## Task brief
In your copy of the entries below, keep every word exactly and leave out all images.

Collected data:
Content starts

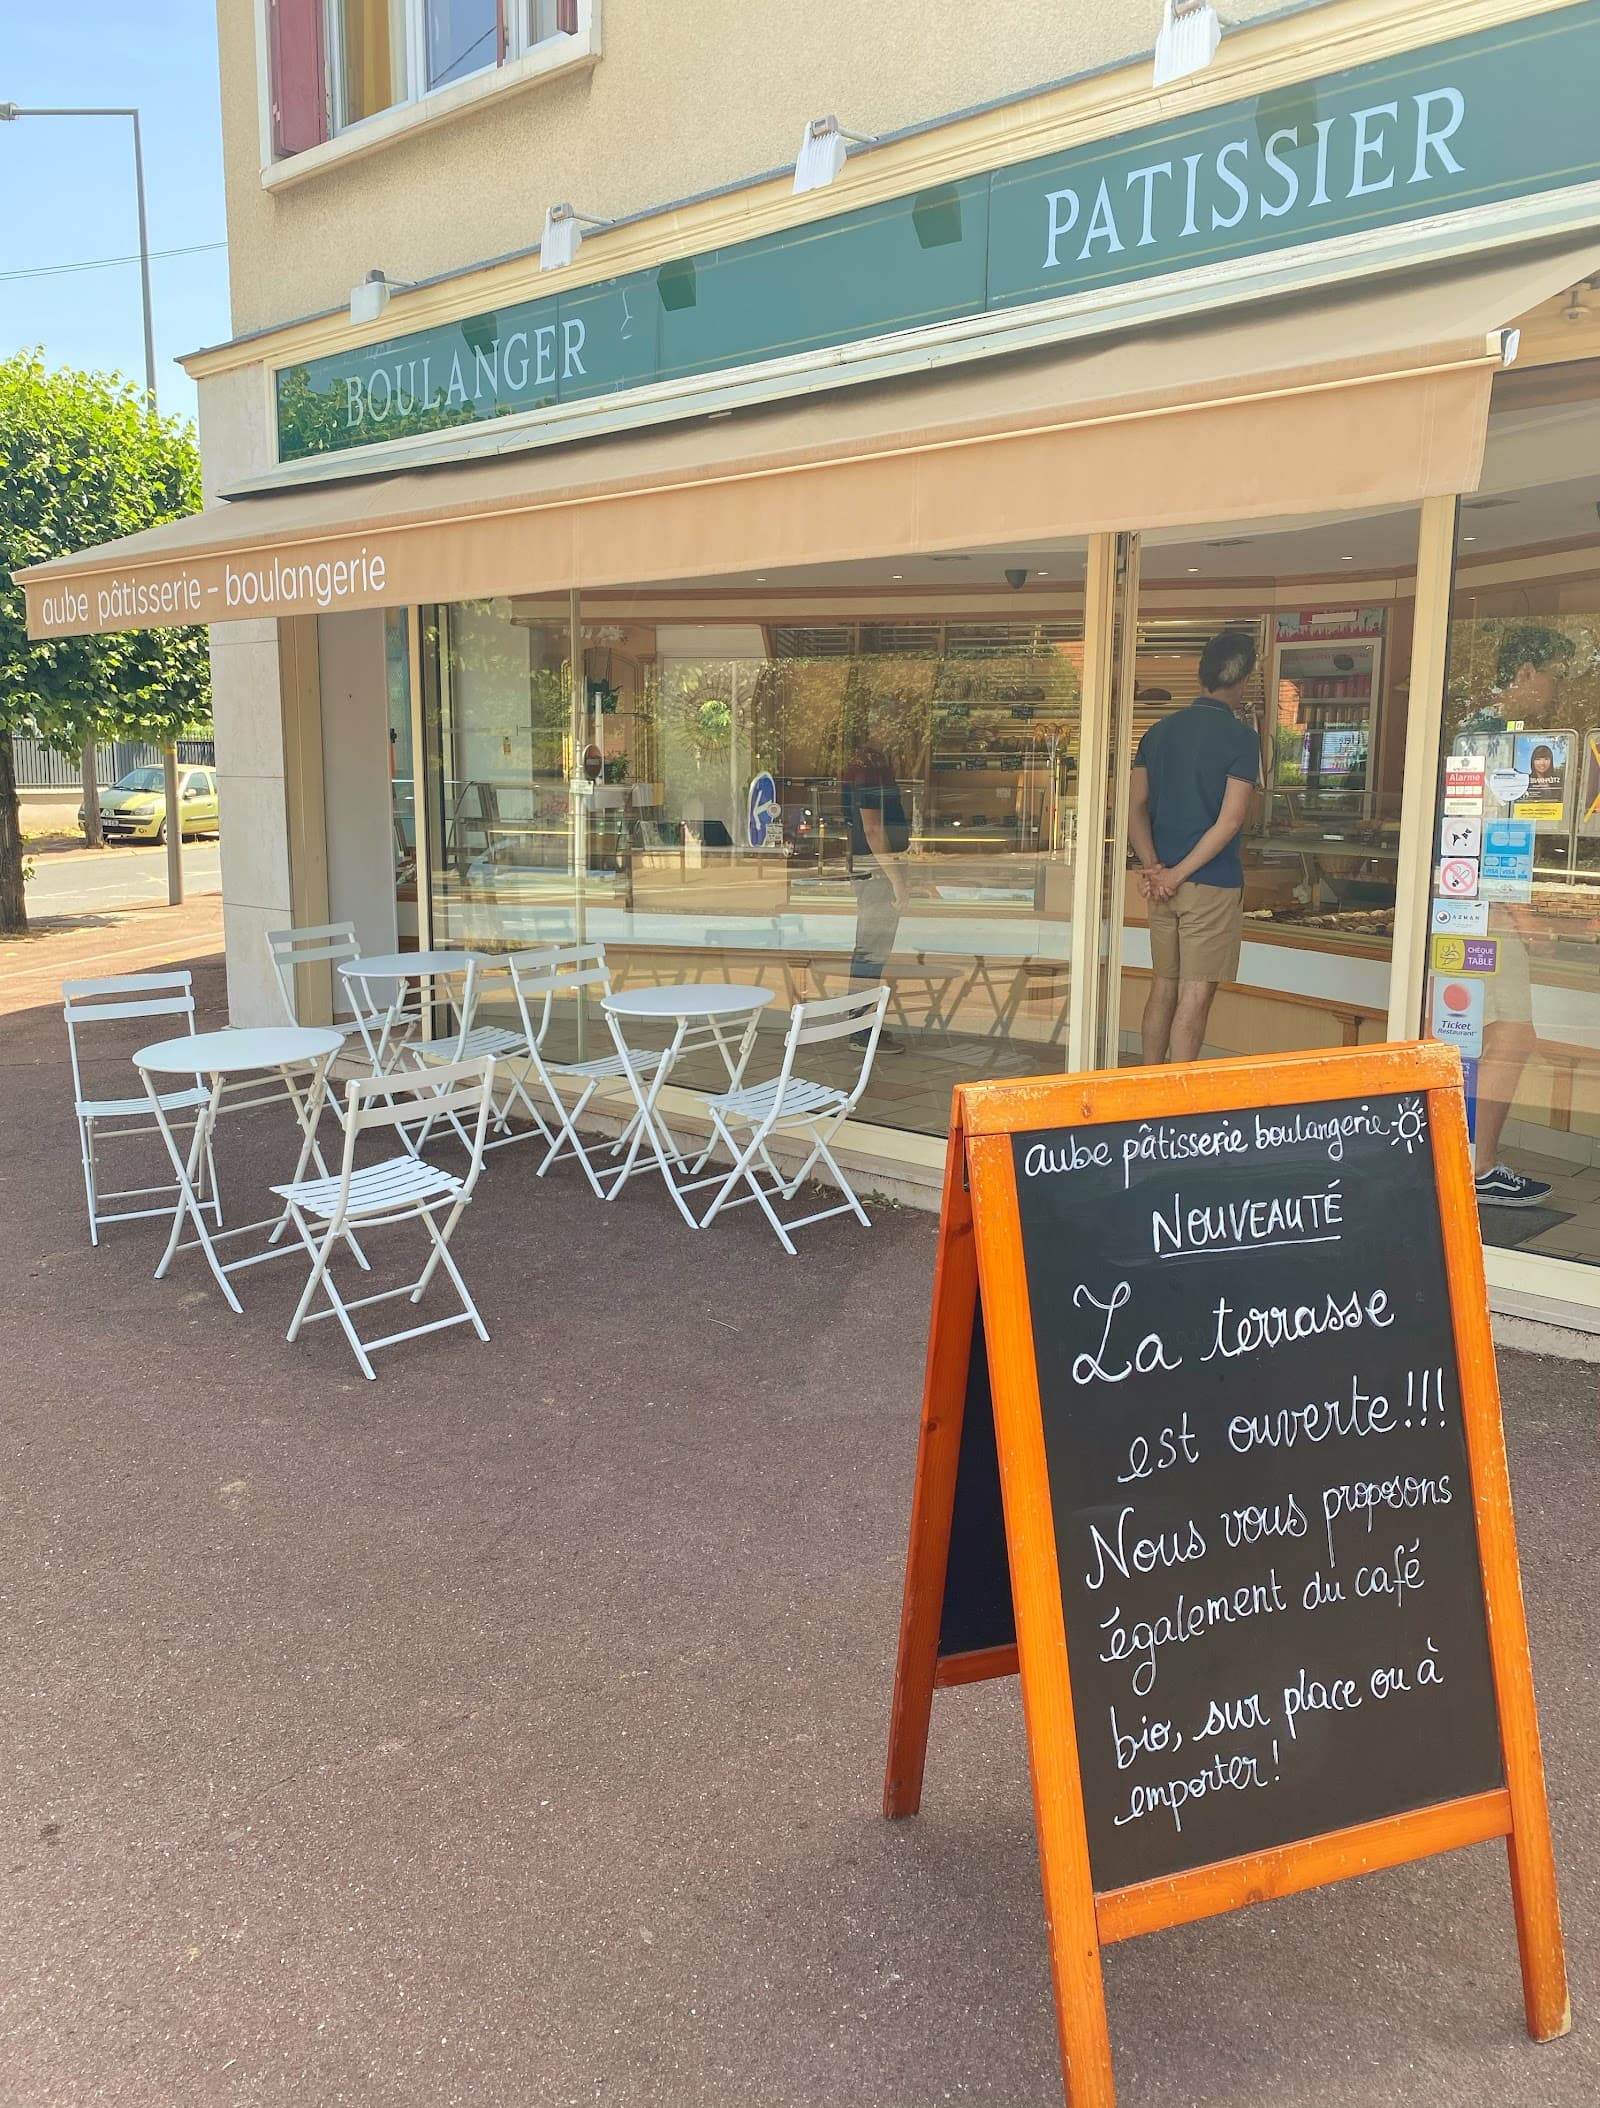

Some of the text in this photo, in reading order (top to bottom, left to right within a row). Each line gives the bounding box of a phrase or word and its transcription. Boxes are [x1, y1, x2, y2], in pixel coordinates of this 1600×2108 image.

[1041, 86, 1466, 268] PATISSIER
[346, 318, 588, 428] BOULANGER
[42, 586, 89, 625] aube
[98, 571, 201, 626] pâtisserie
[225, 547, 386, 607] boulangerie
[1449, 773, 1481, 782] Alarme
[1467, 957, 1495, 966] TABLE
[1441, 1020, 1472, 1031] Ticket
[1024, 1104, 1390, 1189] aube pâtisserie boulangerie
[1152, 1179, 1342, 1253] NOUVEAUTÉ
[1072, 1280, 1395, 1385] La terrasse
[1117, 1412, 1199, 1483] est
[1086, 1475, 1453, 1589] Nous vous proposons
[1100, 1537, 1425, 1696] également du café
[1111, 1637, 1443, 1769] bio, sur place ou à
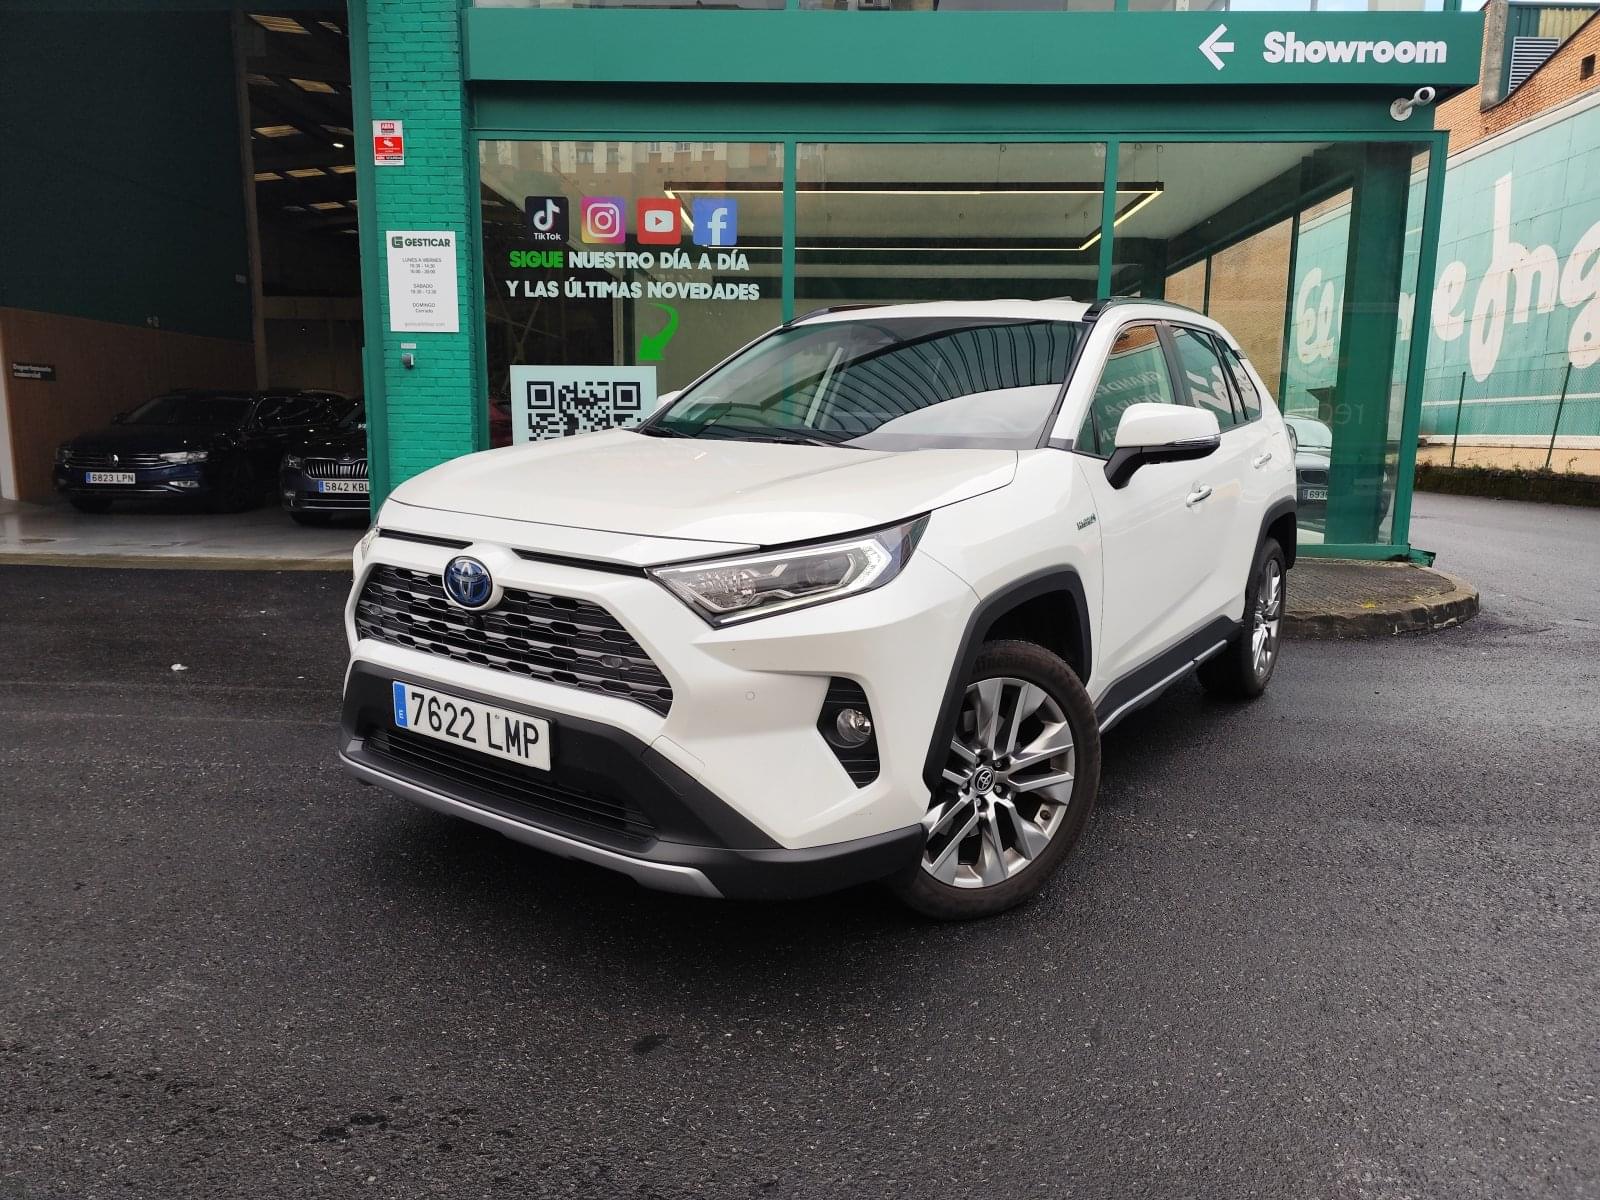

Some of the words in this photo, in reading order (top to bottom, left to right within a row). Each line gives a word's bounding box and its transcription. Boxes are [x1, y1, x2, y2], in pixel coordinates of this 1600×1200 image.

[1263, 31, 1448, 64] Showroom
[533, 231, 562, 241] TikTok
[404, 238, 451, 247] GESTICAR
[509, 251, 564, 269] SIGUE
[568, 251, 655, 270] NUESTRO
[660, 248, 693, 270] DÍA
[698, 251, 713, 270] A
[717, 248, 750, 271] DÍA
[505, 280, 519, 297] Y
[524, 280, 560, 299] LAS
[564, 277, 642, 299] ÚLTIMAS
[647, 280, 760, 301] NOVEDADES
[92, 474, 114, 482] 6823
[116, 474, 134, 483] LPN
[325, 482, 349, 492] 5842
[398, 710, 404, 719] E
[411, 692, 477, 744] 7622
[486, 712, 539, 758] LMP

Content ends

## Answer section
Some of the text in this photo, in reading order (top to bottom, left to right within a row). Each line gives the bounding box of a phrase or word and its transcription. Boxes are [x1, y1, x2, y2], in pixel coordinates of this 1600×2108 image.

[1041, 86, 1466, 268] PATISSIER
[346, 318, 588, 428] BOULANGER
[42, 586, 89, 625] aube
[98, 571, 201, 626] pâtisserie
[225, 547, 386, 607] boulangerie
[1449, 773, 1481, 782] Alarme
[1467, 957, 1495, 966] TABLE
[1441, 1020, 1472, 1031] Ticket
[1024, 1104, 1390, 1189] aube pâtisserie boulangerie
[1152, 1179, 1342, 1253] NOUVEAUTÉ
[1072, 1280, 1395, 1385] La terrasse
[1117, 1412, 1199, 1483] est
[1086, 1475, 1453, 1589] Nous vous proposons
[1100, 1537, 1425, 1696] également du café
[1111, 1637, 1443, 1769] bio, sur place ou à

Some of the words in this photo, in reading order (top to bottom, left to right within a row). Each line gives a word's bounding box and its transcription. Boxes are [x1, y1, x2, y2], in pixel coordinates of this 1600×1200 image.

[1263, 31, 1448, 64] Showroom
[533, 231, 562, 241] TikTok
[404, 238, 451, 247] GESTICAR
[509, 251, 564, 269] SIGUE
[568, 251, 655, 270] NUESTRO
[660, 248, 693, 270] DÍA
[698, 251, 713, 270] A
[717, 248, 750, 271] DÍA
[505, 280, 519, 297] Y
[524, 280, 560, 299] LAS
[564, 277, 642, 299] ÚLTIMAS
[647, 280, 760, 301] NOVEDADES
[92, 474, 114, 482] 6823
[116, 474, 134, 483] LPN
[325, 482, 349, 492] 5842
[398, 710, 404, 719] E
[411, 692, 477, 744] 7622
[486, 712, 539, 758] LMP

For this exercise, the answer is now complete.